The only real (big) drawback is to help the user properly perform a check on the self-signed certificate public signature and after that accept it.
Example of VLC web interface authentication
Here is a "simple" authentication that can be done on top of trusted HTTPS connection.
Any smarter protocol or workflow improvement suggestion is welcome.
Sharing secrets with another physical channel
At first connection, VLC provide a local display with:
- a visual representation of the self-signed certificate signature (through Hash visualization1 for example, like ssh randomart), either in asciiart or picture
- a shared secret, like a pincode
- OR a QRCode with both previous information (certificate signature + pincode)
Check server identity
- The certificate signature should be sufficient to provide verification for server identification
- For native app/remote control client, the client should:
- retrieve the server certificate signature used within the HTTPS connection
- display the visual representation of the certificate and ask the user to check the similarity with VLC local visual representation
- if the client is able to use the QRCode, check directly with the QRCode info
- For browsers... The user needs to add the self-signed certificate as a trust exception in good conditions
- If VLC asks the user to take a risk, this could be a good idea to provide some guideline to do so
- example: provide a videolan.org web page (and/or a link from VLC UI) explaining certificate exception should be:
- NEVER accepted on a public wifi or widely open network
- ONLY accepted unless fully verifying the signature OR be on a 100% trustful network (ISP home LAN, mainly)

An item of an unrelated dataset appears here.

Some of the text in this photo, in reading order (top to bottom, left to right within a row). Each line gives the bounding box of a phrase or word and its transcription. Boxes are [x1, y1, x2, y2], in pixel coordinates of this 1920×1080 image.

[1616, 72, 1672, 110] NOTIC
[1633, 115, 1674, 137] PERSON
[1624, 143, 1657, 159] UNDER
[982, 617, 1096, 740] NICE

- and add a link redirection to local (VLC) URL.
This would ensure that the HTTPS connection is direct (no way for an attacker to trigger a MitM if the client is sure the server connection is built on top of a specific certificate)

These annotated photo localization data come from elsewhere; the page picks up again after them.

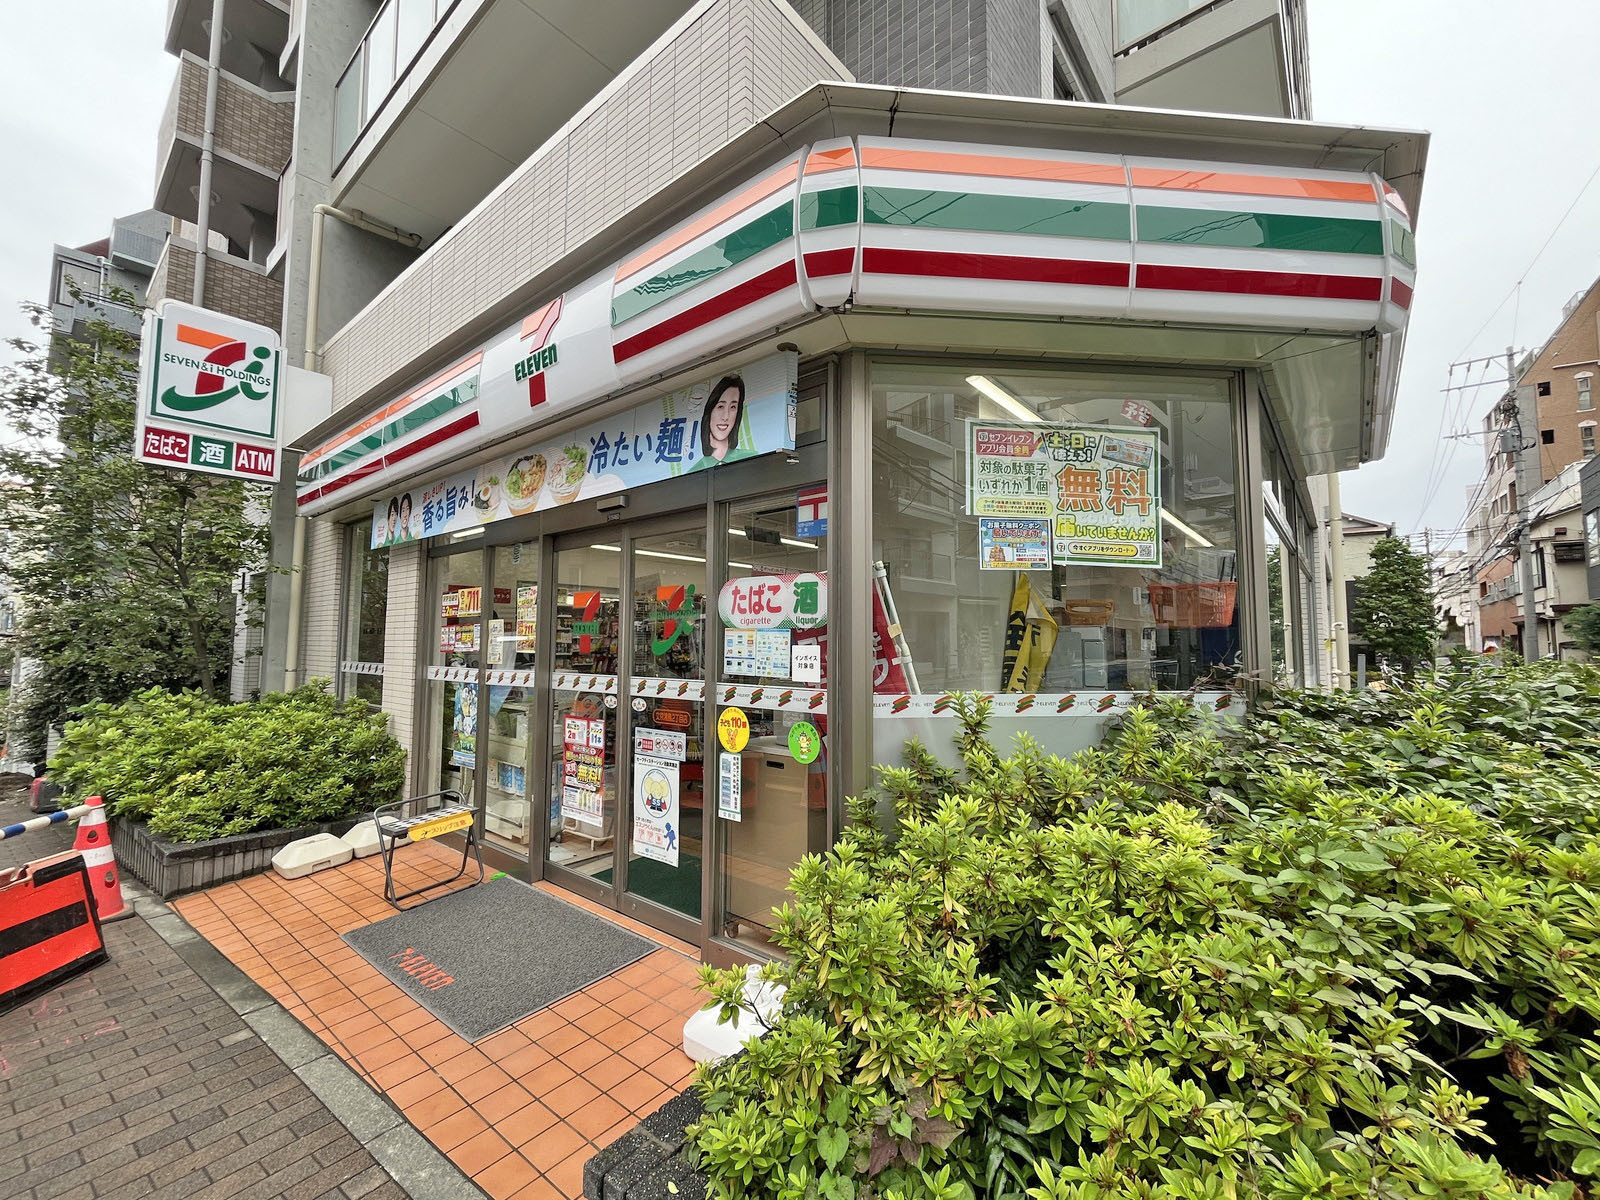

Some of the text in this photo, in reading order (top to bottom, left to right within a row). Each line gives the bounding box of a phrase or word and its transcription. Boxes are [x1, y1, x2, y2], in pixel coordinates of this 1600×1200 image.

[216, 366, 271, 387] HOLDINGS
[145, 432, 187, 458] たばこ
[200, 441, 225, 465] 酒
[237, 448, 273, 472] ATM
[980, 460, 1048, 476] 対象の駄菓子
[979, 476, 1049, 496] いずれか1個
[1056, 464, 1153, 516] 無料
[1056, 514, 1156, 542] 届いていませんか?
[731, 581, 819, 616] たばこ 酒
[740, 616, 772, 626] cigarette
[795, 615, 819, 626] liquor
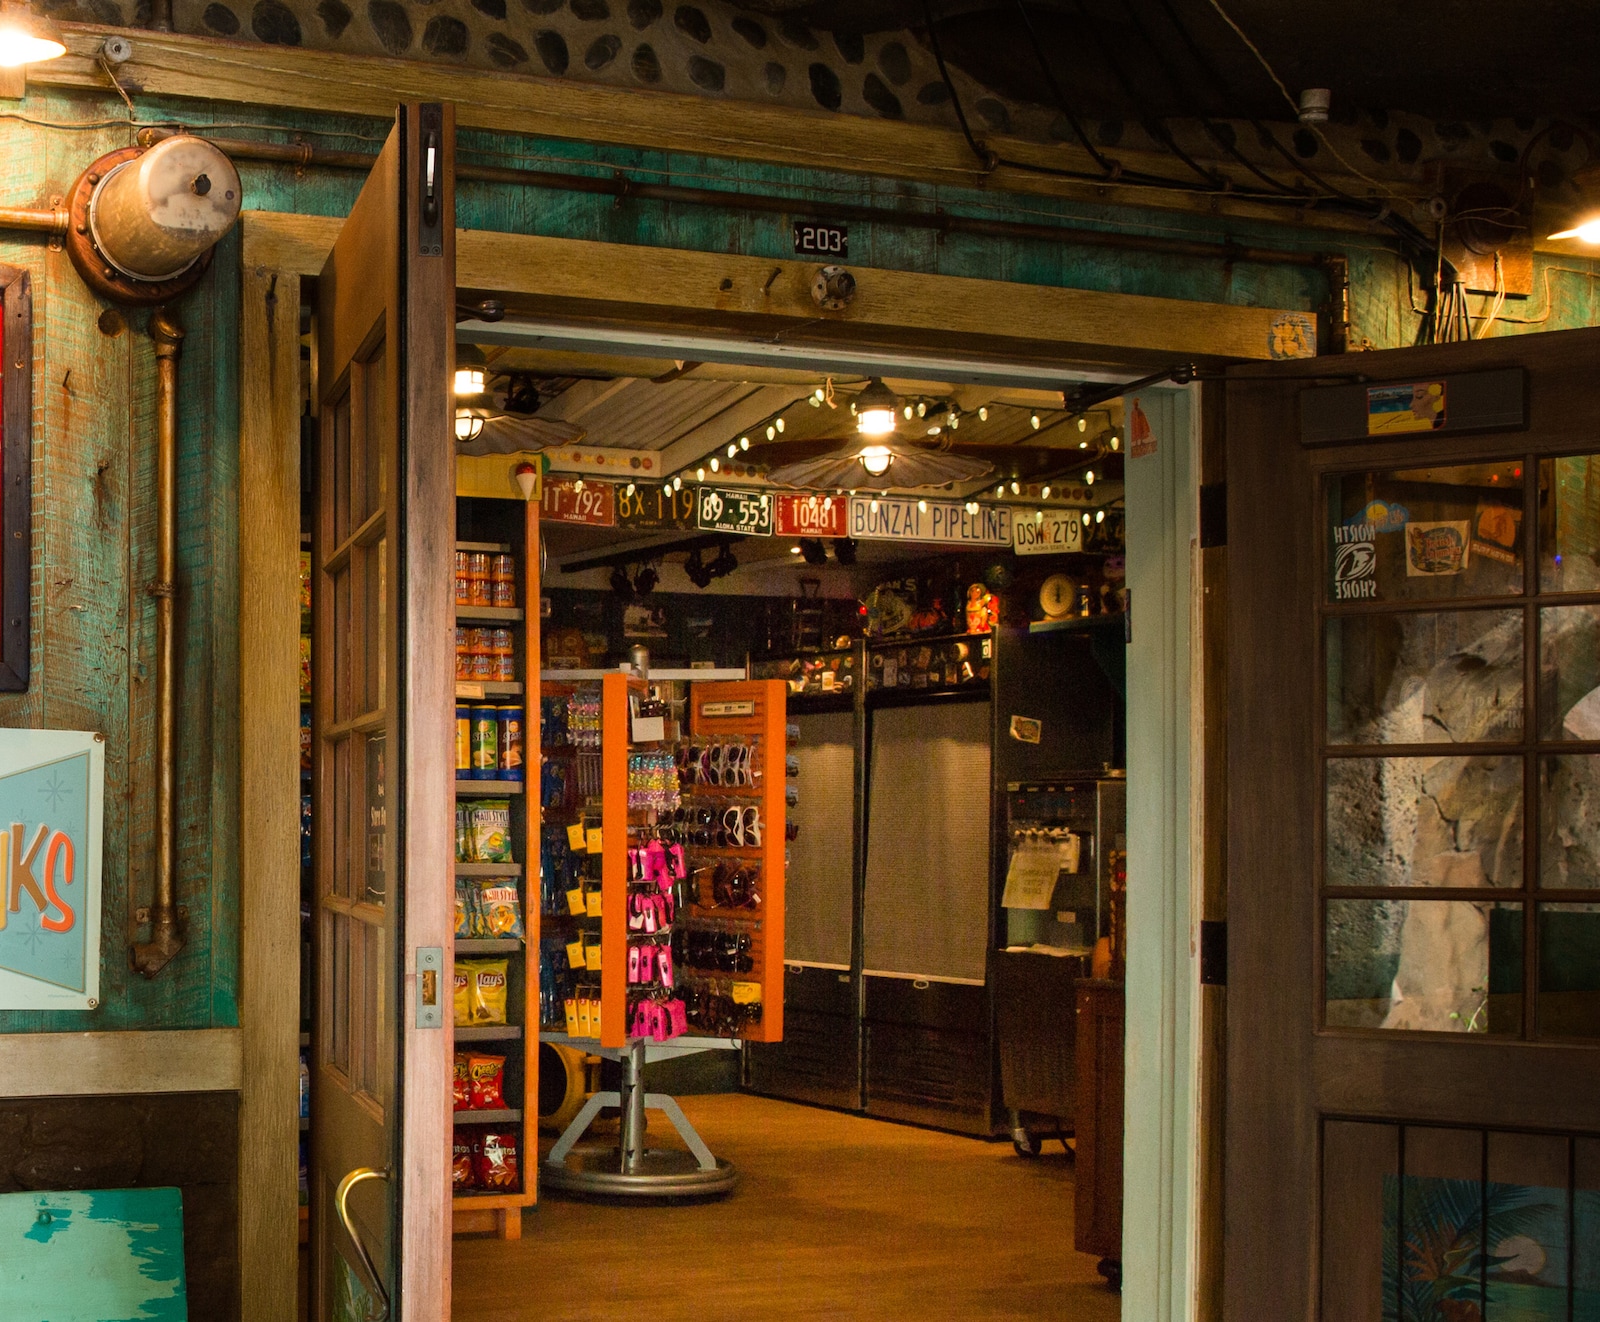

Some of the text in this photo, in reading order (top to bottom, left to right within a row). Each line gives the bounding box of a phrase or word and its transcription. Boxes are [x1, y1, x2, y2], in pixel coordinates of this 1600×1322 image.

[802, 227, 841, 252] 203
[725, 492, 748, 501] HAWAII
[563, 512, 587, 521] HAWAII
[715, 522, 756, 533] ALOHA STATE
[792, 502, 837, 528] 10481
[933, 504, 1007, 541] PIPELINE
[1017, 519, 1078, 545] DSW 279

Note: This step is even more crucial, given the fact the code that will be executed by the browser is provided... By the server itself.
Provide a challenge to the client
Naive strategy:
- the client asks for an authentication challenge
- the server provides random bytes data (to avoid replay)
- the client combines the random data and the PIN code, and send a (strong) hash to the server
- the server compute the same operation on its side and verify the result is the same. There should be a maximum (small) number of tries.
- for the rest of the connection lifetime, the server can consider the client is authenticated
- I suppose this could be persisted with a (randomly generated) cookie provided by the server.
Notes:
- "secure" context (https) enables WebCrypto API in the browser, so strong digest function can be used
- if the cookie & VLC certificate is stored on client, this could be a persistent way for the client to reconnect, as long as VLC IP server does not change
- however, this naive strategy would imply the server stores the cookie locally. This could be stored the same way as credentials for VLC connections (keystore, etc.)
- the cookie providing context probably needs to be restrictive:
-
Secure(https) SameSite=Strict- with max age (mandatory for cookie persistence)
-
-
see "A. Perrig and D. Song, Hash Visualization: a New Technique to improve Real-World Security, 1999, International Workshop on Cryptographic Techniques and E-Commerce (CrypTEC '99)."